### Instructions to follow
Where a picture appears, skip it and copy everything else in the listing exactly.

### Provided records
* * * * * * *
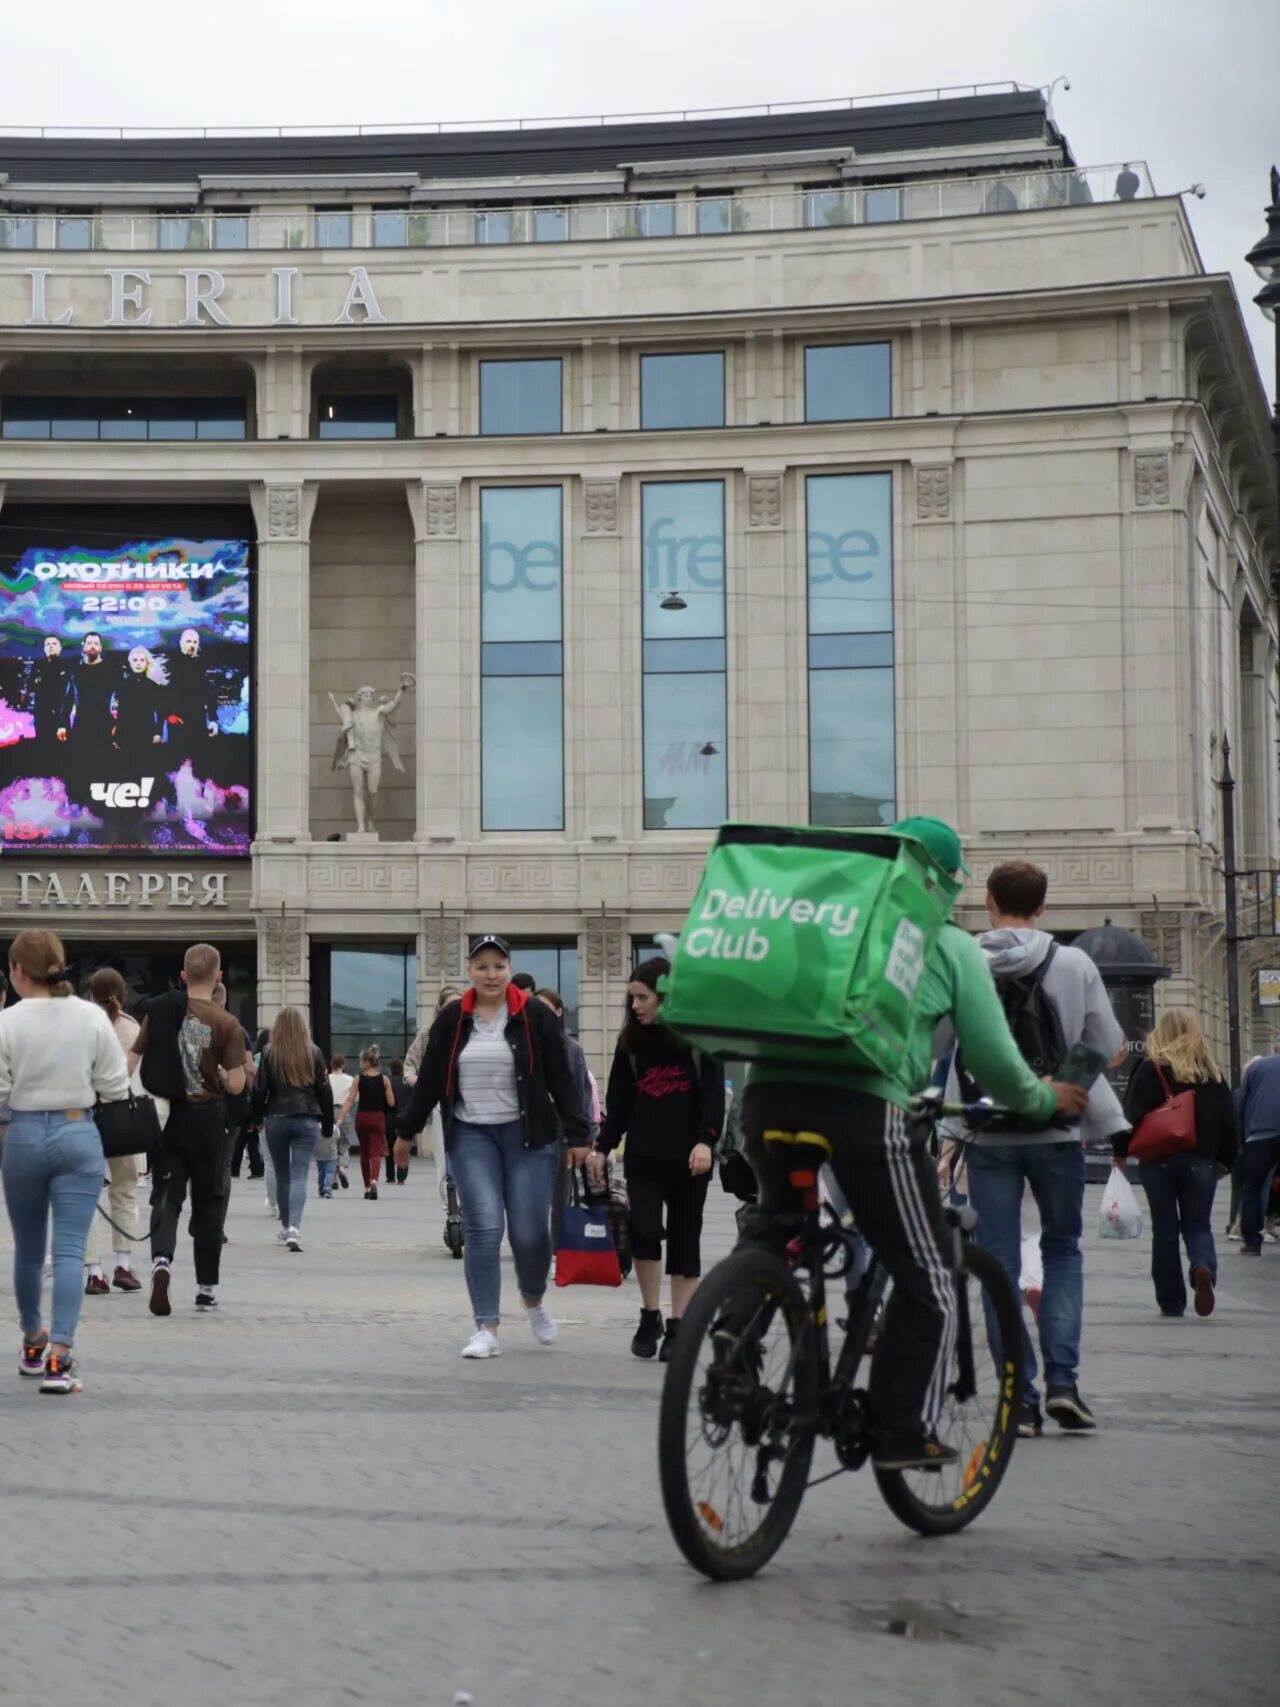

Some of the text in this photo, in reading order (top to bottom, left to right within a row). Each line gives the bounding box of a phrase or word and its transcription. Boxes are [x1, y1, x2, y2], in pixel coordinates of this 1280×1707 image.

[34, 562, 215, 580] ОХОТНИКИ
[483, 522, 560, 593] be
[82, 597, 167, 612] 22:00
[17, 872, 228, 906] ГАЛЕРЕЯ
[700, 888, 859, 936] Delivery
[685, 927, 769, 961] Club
* * * * * * *
### Response
Some of the text in this photo, in reading order (top to bottom, left to right within a row). Each line gives the bounding box of a phrase or word and its transcription. Boxes are [x1, y1, x2, y2], in pixel coordinates of this 1280×1707 image.

[34, 562, 215, 580] ОХОТНИКИ
[483, 522, 560, 593] be
[82, 597, 167, 612] 22:00
[17, 872, 228, 906] ГАЛЕРЕЯ
[700, 888, 859, 936] Delivery
[685, 927, 769, 961] Club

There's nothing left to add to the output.